会社を設立するにあたって、株式会社が一般的ですが、合同会社という選択肢も近年注目されています。
合同会社とは
会社を設立するに際して、株式会社以外の選択肢として合同会社があります。
基本的には株式会社と大きく変わらないのですが、株式会社よりも低コストで設立できることから近年注目されています。
・税務は変わらない
株式会社も合同会社も、「税務」は変わりません。個人事業主よりも法人の方が節税策も多くとれ、有利なことはよく知られています。
合同会社も株式会社と税金の計算方法などは同じため、同様のメリットを享受することが可能です。
逆に株式会社と税務は同じ取扱ですから、法人ならではの制限(例えば役員報酬は定期同額にするなど)も同じく、適用されます。
・出資者が経営する
株式会社は出資者(元手となるお金を出す人)と経営者が別人でも同一人物でも構いません。
それに対して、合同会社は出資者が経営にあたらなければならないという制限があります。

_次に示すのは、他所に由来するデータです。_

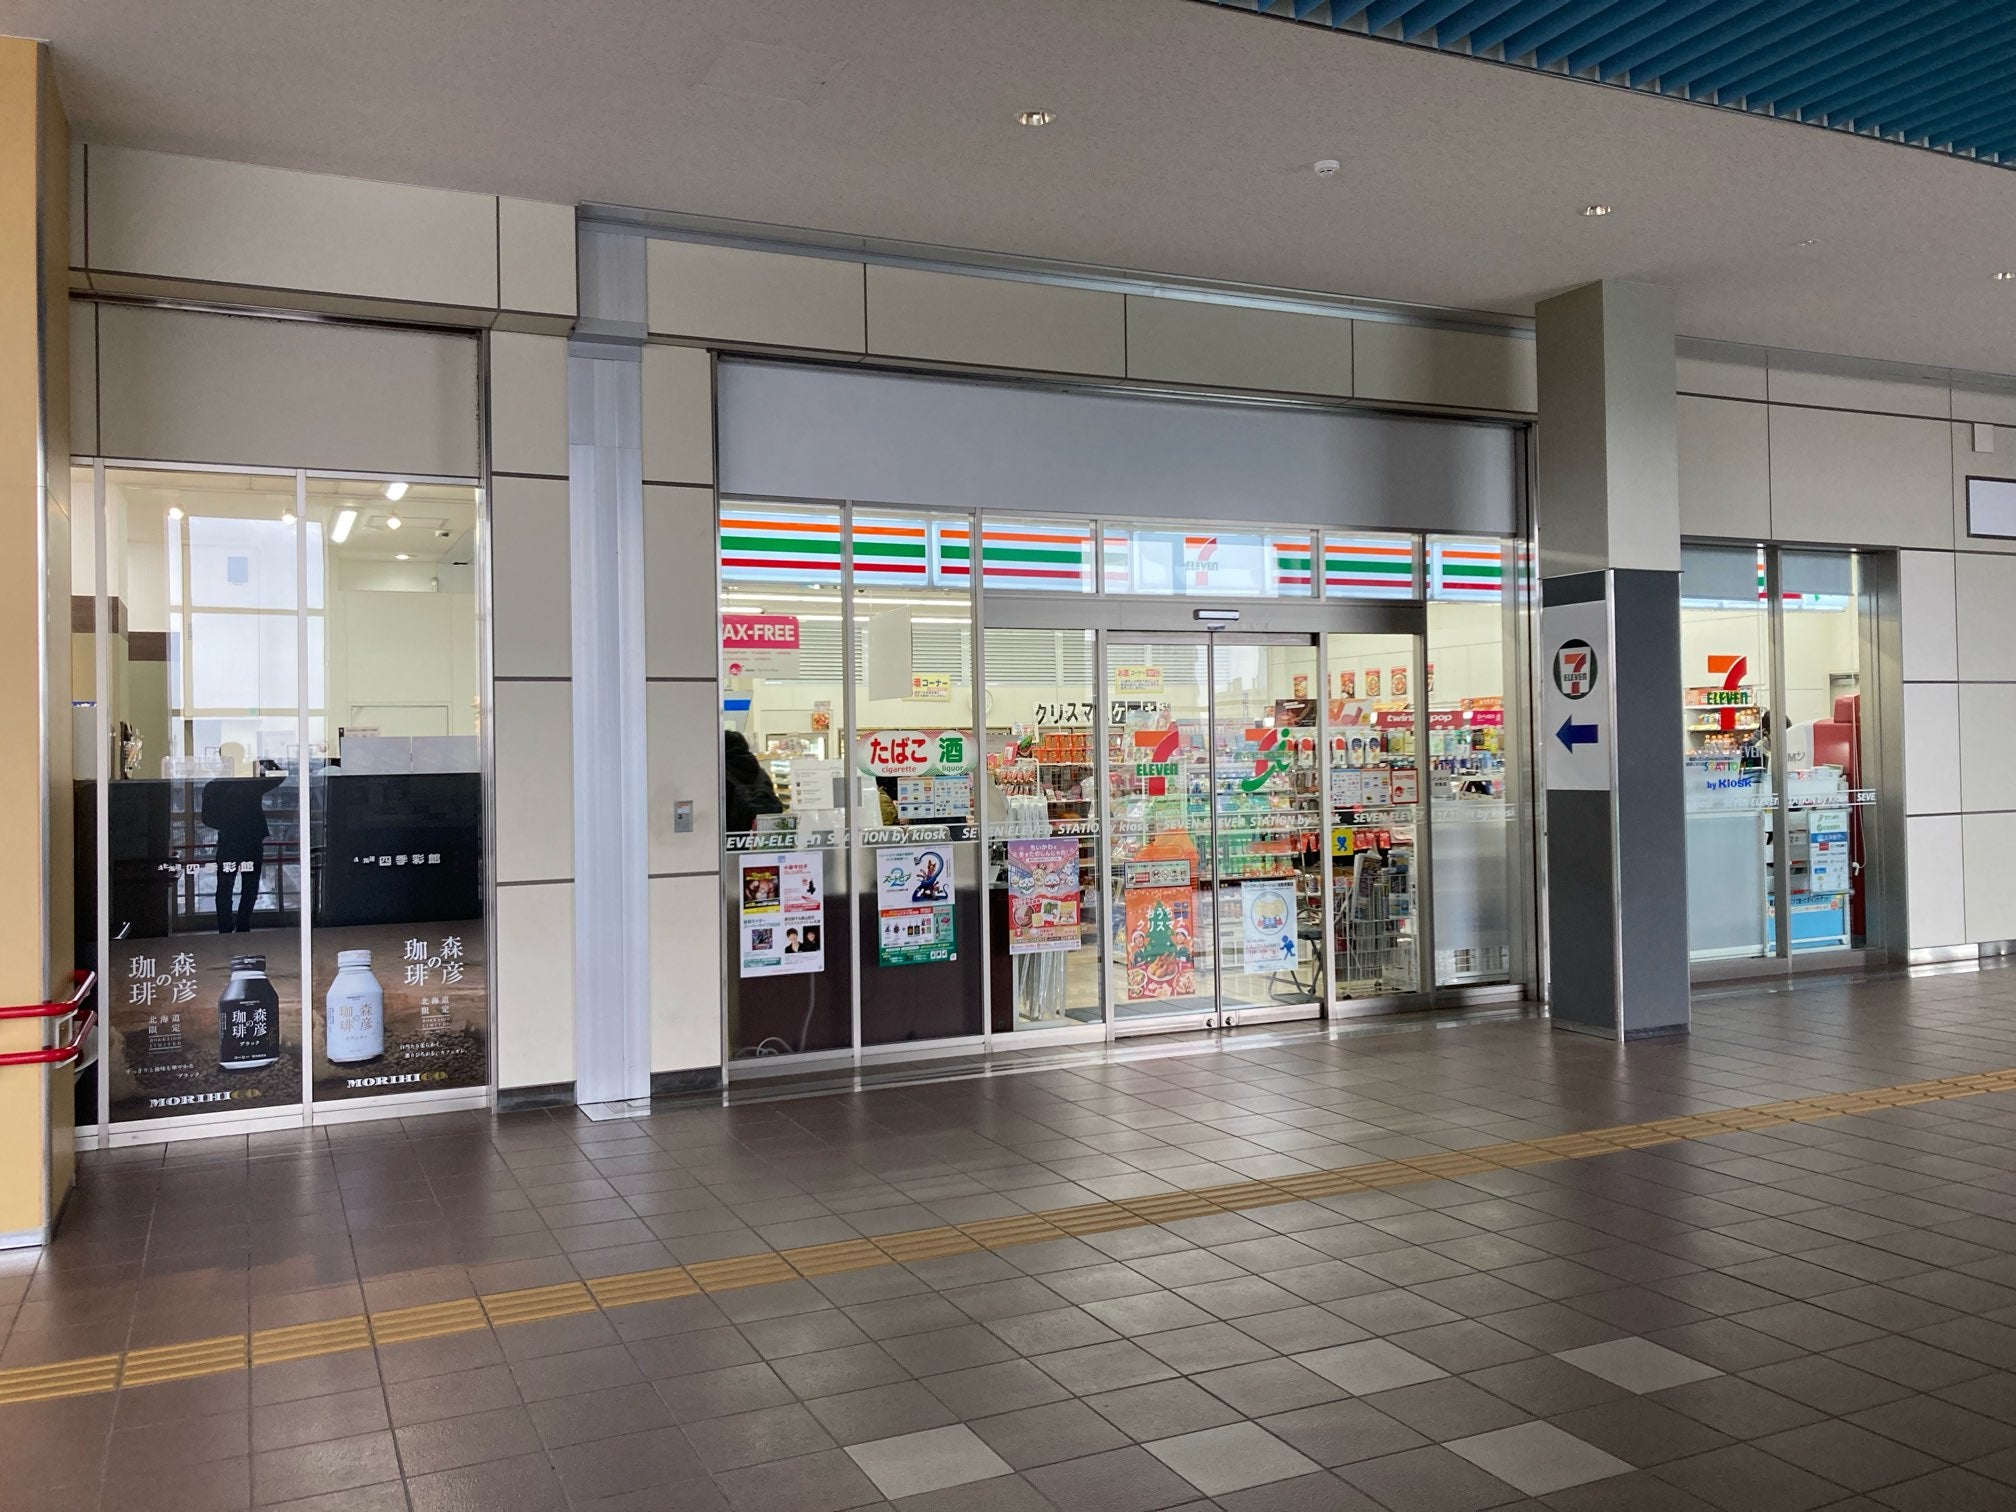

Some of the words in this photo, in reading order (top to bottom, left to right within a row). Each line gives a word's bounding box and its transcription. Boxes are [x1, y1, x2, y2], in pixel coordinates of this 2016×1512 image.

ただ、多くの中小・中堅企業は出資者(株主)と経営者が一致しますから、そこまで大きなネックになる問題ではないかもしれません。
・設立費用が安い
株式会社は設立にあたって、司法書士への報酬以外に20数万円ほど必要になりますが、合同会社は6万円程度で設立が可能とされています。
ただし、設立費用が安いのは組織や会社自治の手続を勘弁にしているためですから、機動的な意思決定や運営が可能となるメリットと引き換えに、株式会社に比して信用は大きく落ちます。
そもそも法人にする目的は?
会社を作る目的はなんでしょうか。
多くの場合
①法人ならではの税務メリット
②融資をはじめとした信用力の増強
③その他
でしょう。
①の法人ならではの税務メリットは、株式会社でも合同会社でも同様のメリットを享受できますから、設立にあたってどちらを選択するかは特に問題になりません。
②の信用力については、やはり株式会社に比べ合同会社は劣ると言わざるを得ません。
やはり合同会社の認知度は、株式会社に比べて落ちるからです。
信用が落ちれば、融資も受けにくいし、人材の確保もしづらいです。
③のその他は、色々とありますが、上場とか事業承継が代表的です。
株式を上場すると創業者には莫大な利益がもたらされますから、魅力のある話ですし、株式を後継者に計画的に譲り渡すことで、事業を次に引き継いでいきます。
ですから、②とか③も視野に入れて会社を作ろうというのであれば株式会社とした方が良いでしょう。
法人で事業をするというのは「覚悟」
会社で事業をするというのは、ある種の「覚悟」を示しているものでもあります。
会社を作るのはお金も手間もかかるし、運営には様々な守るべきルールがあります。
利益をあげなければ潰れてしまいますから、利益をあげ続けなければなりません。
個人事業主は言葉は悪いですが、(法人に比べ)簡単に始められ簡単に終わることができます。
そして、法人を運営するということは様々な責任が生じます。
だから、法人を作るというのは「覚悟」を示すということにもなり、だからこそ「信用」もある。(信用を得るのはそれだけではありませんが)
僅かなお金を惜しんで…
会社を設立するにあたって、株式会社がいいのか、それとも合同会社がいいのかは、人それぞれの考え方次第ですが、特段の理由がなければ株式会社とした方が良さそうです。
先にも述べたように、合同会社は株式会社に比べて知名度に劣り、信用力が落ちます。
言葉は悪いですが、端から見たときに胡散臭く見られるのは合同会社です。
もちろん、実際にはそんなことはないのですが、印象というのは極めて重要です。初対面の人や取引先は、そんなところからも判断をするのですから、僅か十数万円を惜しんで、「そのように」見られる必要もないでしょう。
逆にいえば、既知の人たちしか商売にかかかわらず、法人格が必要だという場合であれば、合同会社という選択肢は合理的でしょう。